In the meantime our brigade was attacked by a severe epidemic of flu and malaria that swept men off their feet, so that, instead of being shock troops, they had to be withdrawn. I was returned to my unit and soon after my arrival I was laid low, for I too had succumbed to the prevailing malady.

The M.O. sent me to the field ambulance. I lay helpless for days, my body trembling like a leaf and wanting nothing, not even food or drink. I lost all desire to live, but my time was not finished. I slowly recovered, and within a fortnight I was pushed out to rejoin the battalion and take part in the pursuit of the enemy.

The Serbs (gallant fighters) had smashed their way through the Bulgar line, causing them to retire, and we held the mountains that once were theirs. From stretcher to sleeping out under the open sides, on the move all the time, was drastic in the extreme. I felt a sense of novelty in the pleasure of seeing the other side of Macedonia right up to Bulgaria.

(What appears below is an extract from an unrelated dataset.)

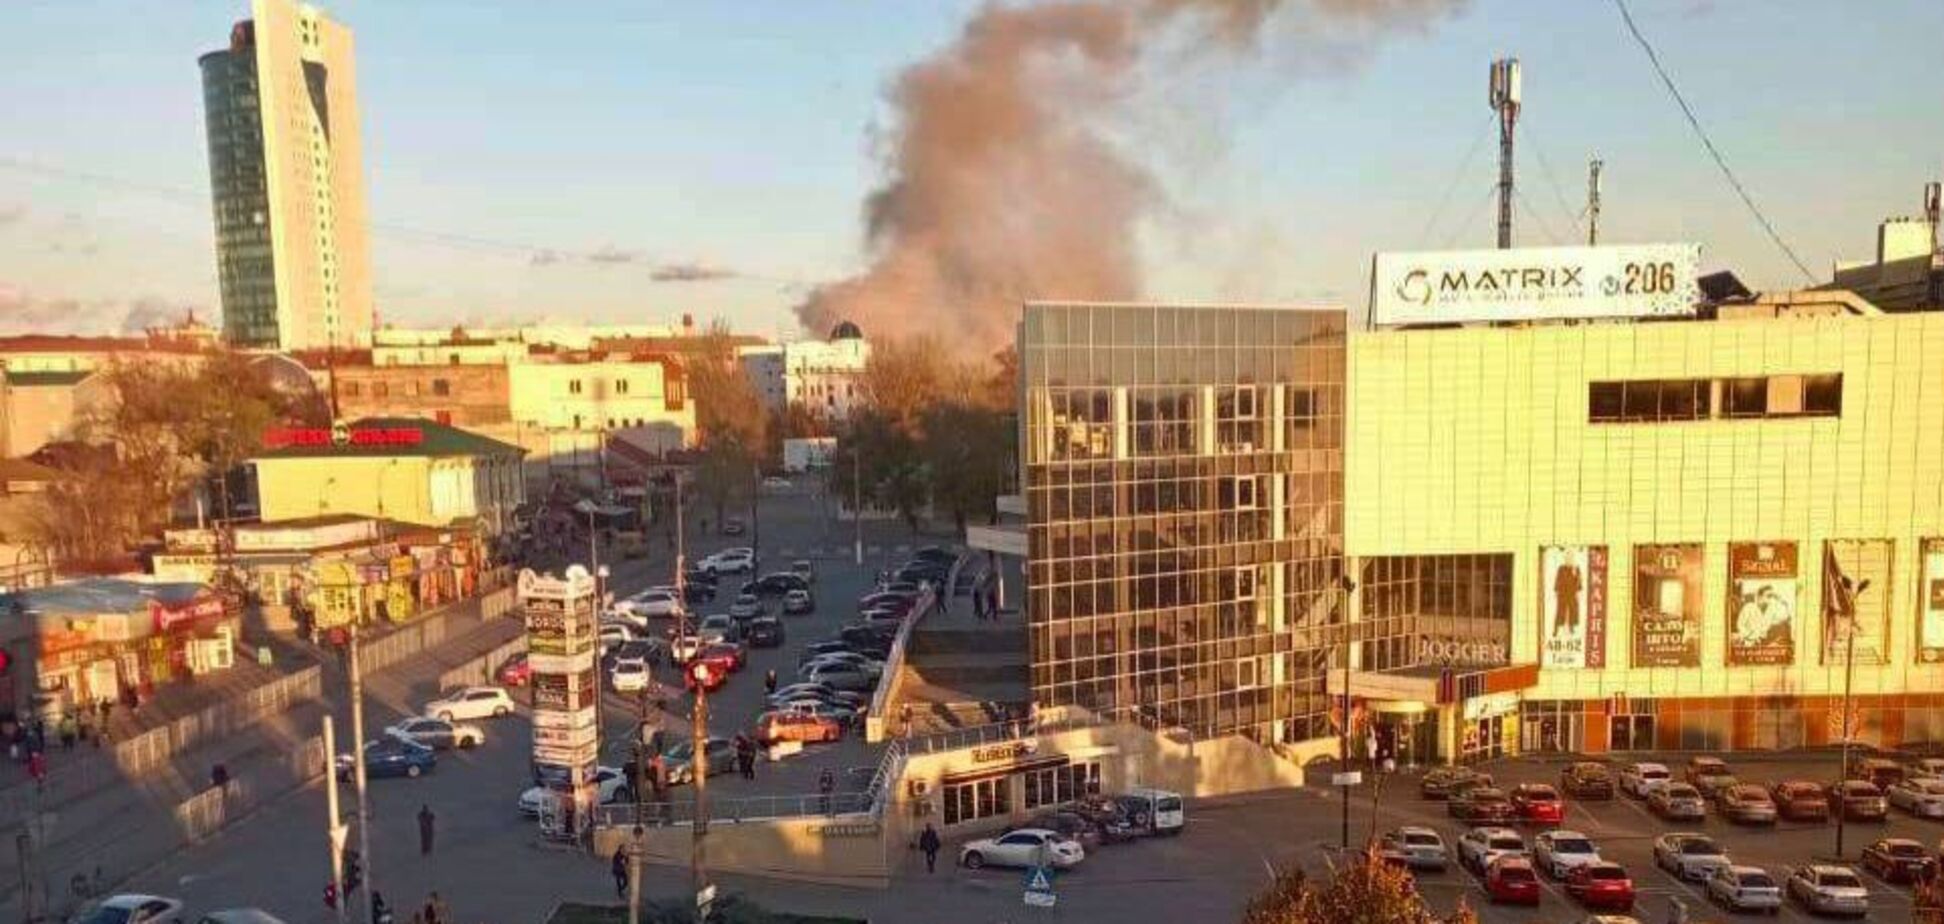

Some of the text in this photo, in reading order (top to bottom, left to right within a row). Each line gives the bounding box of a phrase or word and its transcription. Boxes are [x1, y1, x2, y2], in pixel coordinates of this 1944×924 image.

[1440, 262, 1675, 294] MATRIX 206
[1420, 639, 1506, 662] JOGGER

After the surrender of Bulgaria we returned to the scene of our former struggles and I stole away one day to visit the Devil's Eye on the summit of Grand Couronne.

It was an impregnable O.P. with a mighty view stretching down to the Gulf; even the shipping could be plainly seen, along with every position in front of it.

We eventually turned our backs upon our newly won territory and marched day after day, weary and weak, towards Stavros. I stuck it until Janesh was reached. My feet had swollen and my toes were like stumps of raw meat. I reported sick the following morning and was left behind to be sent down to hospital suffering from septic poisoning.

In a way I felt glad, but the knowledge that my comrades were equally sick and weary of it all pained me not a little. Hospital was reached; I was popped into a bath and a bed, and indulged in a comfortable sleep, to be awakened by a sprightly nurse requesting me to suck a thermometer.

Recovery was slow, the Armistice was signed, and when the sister announced the fact not a cheer or murmur came from anyone in response. I was too full for words and so were the other inmates. The only thing left was to wait for the ship, home, and loved ones.

Note: by Private N. C. Powell, 3/5th East Lancs. Regt.